### TASK TO COMPLETE
Each entry below is to be reproduced exactly, though any pictures it holds must be omitted.

[Images for object localization]
%%
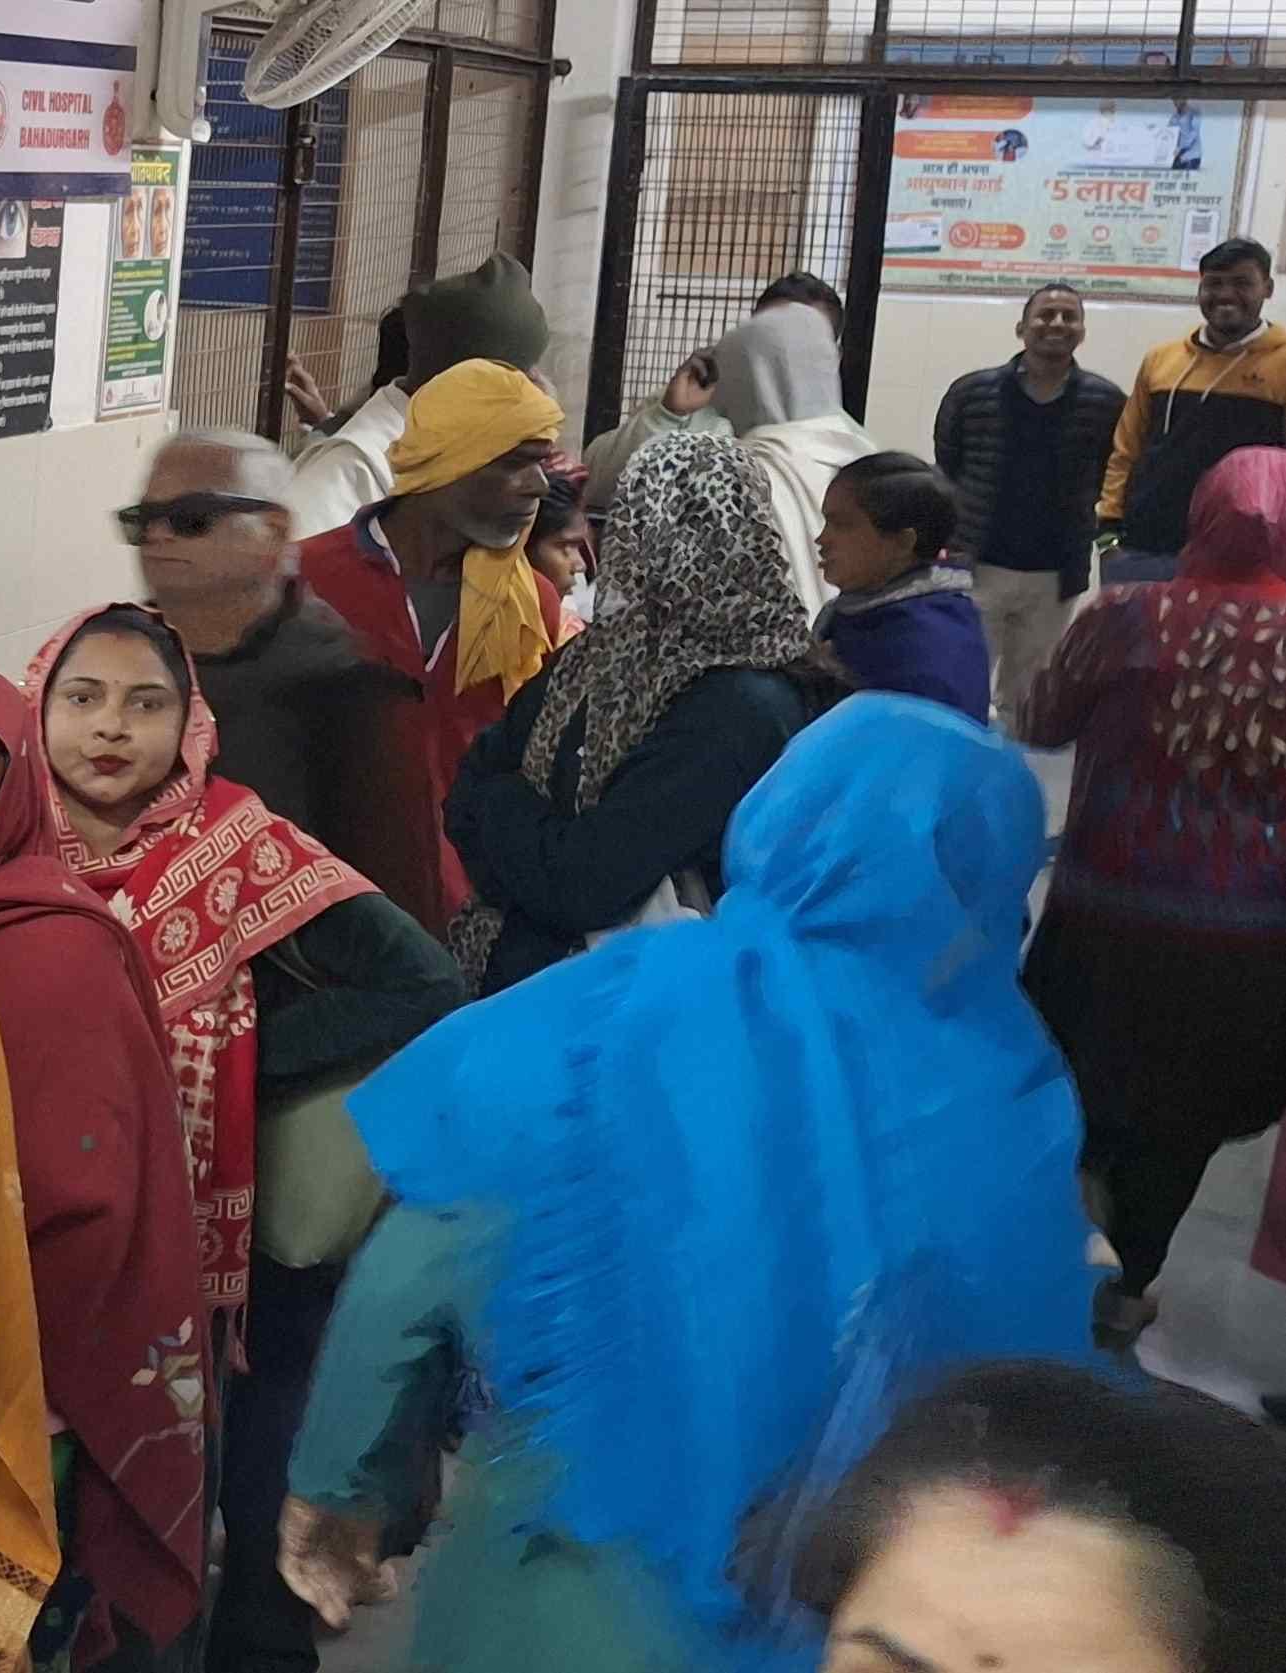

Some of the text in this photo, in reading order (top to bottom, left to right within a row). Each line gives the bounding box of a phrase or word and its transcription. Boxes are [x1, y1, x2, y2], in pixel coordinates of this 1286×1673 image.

[21, 89, 93, 114] CIVIL HOSPITAL
[19, 127, 91, 149] BAHADURGARH
[1074, 179, 1151, 203] लाख
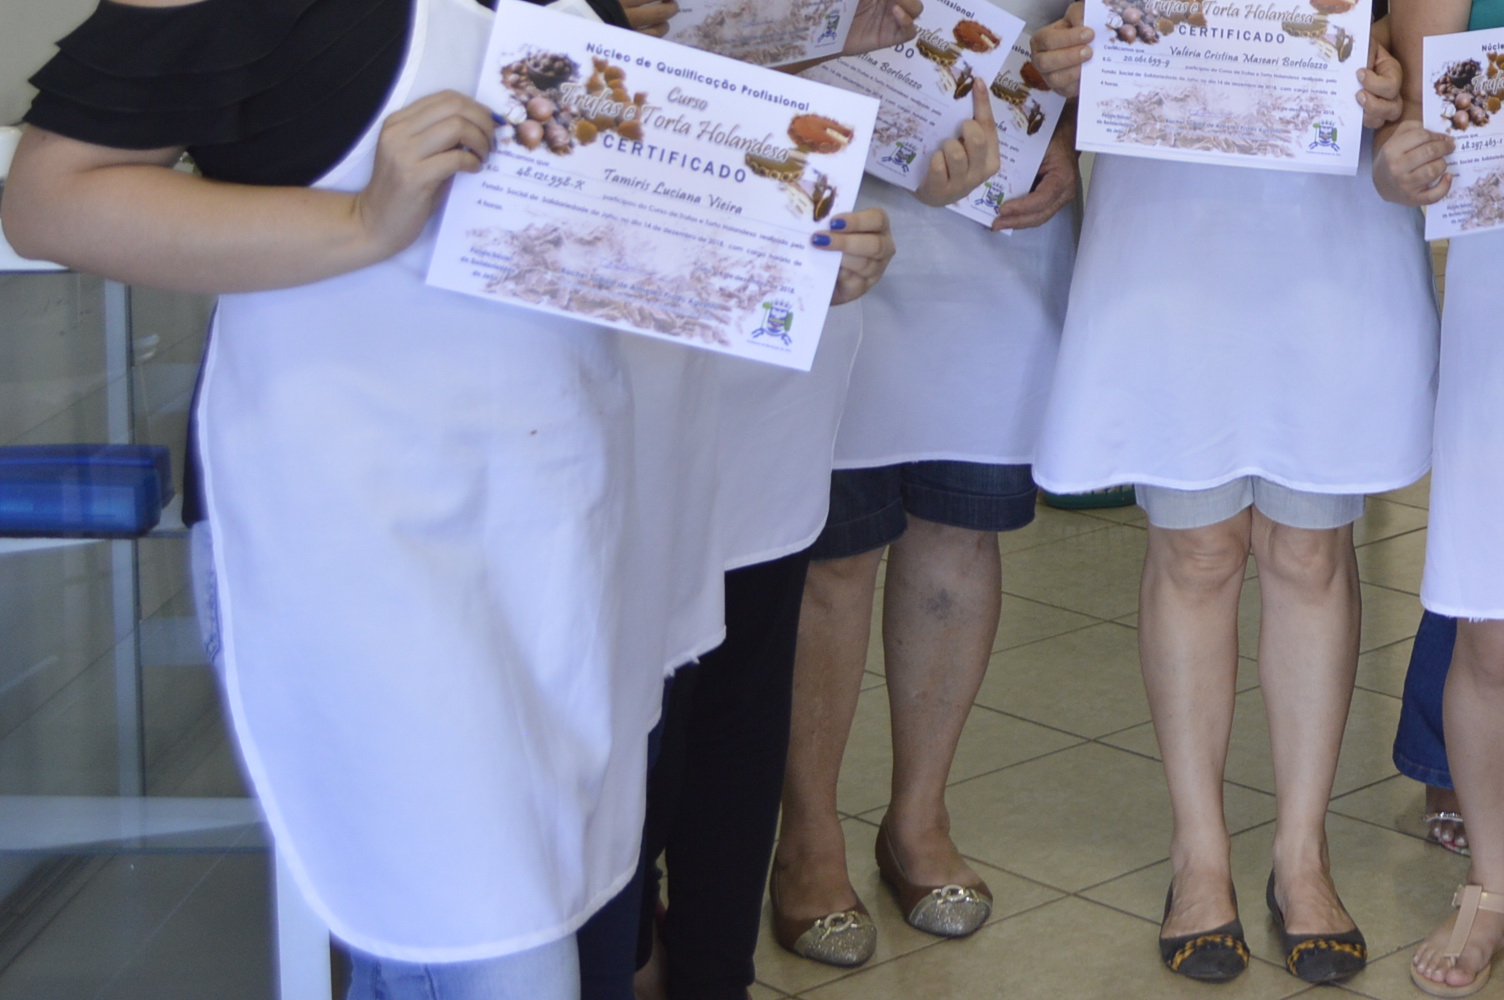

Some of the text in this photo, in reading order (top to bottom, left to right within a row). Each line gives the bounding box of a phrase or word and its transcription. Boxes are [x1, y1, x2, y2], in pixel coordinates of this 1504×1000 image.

[1190, 1, 1199, 15] e
[1243, 0, 1315, 25] Holandesa
[1177, 23, 1286, 44] CERTIFICADO
[1203, 47, 1239, 62] Cristina
[584, 41, 635, 65] Núcleo
[635, 55, 653, 70] de
[654, 60, 738, 95] Qualificação
[739, 83, 811, 112] Profissional
[665, 85, 710, 113] Curso
[554, 78, 793, 164] Trufas e Torta Holandesa
[600, 133, 748, 184] CERTIFICADO
[601, 166, 745, 216] Tamiris Luciana Vieira
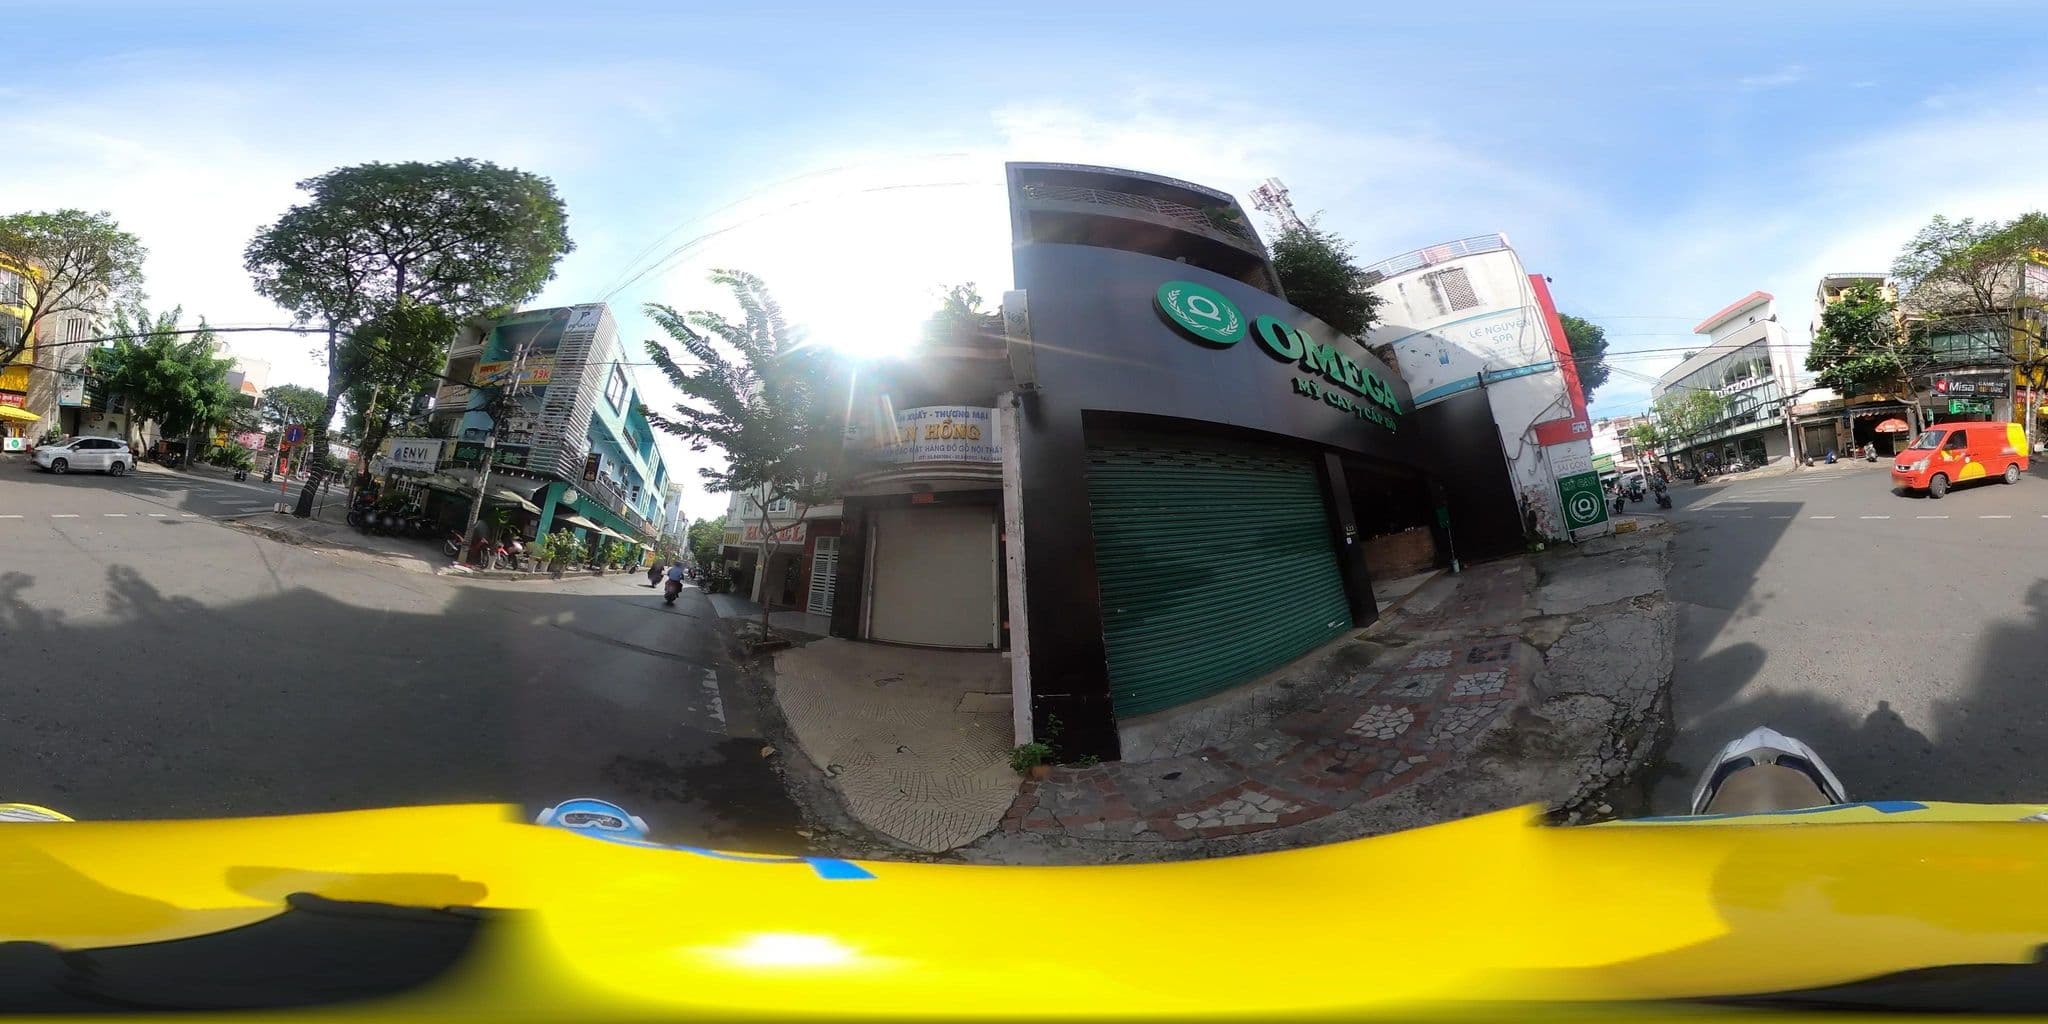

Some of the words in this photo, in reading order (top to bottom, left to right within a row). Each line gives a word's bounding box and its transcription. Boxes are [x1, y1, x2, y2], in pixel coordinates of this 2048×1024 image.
%%
### TASK RESPONSE
Some of the text in this photo, in reading order (top to bottom, left to right within a row). Each line gives the bounding box of a phrase or word and its transcription. Boxes are [x1, y1, x2, y2], in pixel coordinates of this 1286×1673 image.

[21, 89, 93, 114] CIVIL HOSPITAL
[19, 127, 91, 149] BAHADURGARH
[1074, 179, 1151, 203] लाख

Some of the text in this photo, in reading order (top to bottom, left to right within a row). Each line gives the bounding box of a phrase or word and its transcription. Boxes are [x1, y1, x2, y2], in pixel coordinates of this 1504×1000 image.

[1190, 1, 1199, 15] e
[1243, 0, 1315, 25] Holandesa
[1177, 23, 1286, 44] CERTIFICADO
[1203, 47, 1239, 62] Cristina
[584, 41, 635, 65] Núcleo
[635, 55, 653, 70] de
[654, 60, 738, 95] Qualificação
[739, 83, 811, 112] Profissional
[665, 85, 710, 113] Curso
[554, 78, 793, 164] Trufas e Torta Holandesa
[600, 133, 748, 184] CERTIFICADO
[601, 166, 745, 216] Tamiris Luciana Vieira

Some of the words in this photo, in reading order (top to bottom, left to right within a row). Each line gives a word's bounding box and its transcription. Boxes are [x1, y1, x2, y2], in pixel coordinates of this 2048×1024 image.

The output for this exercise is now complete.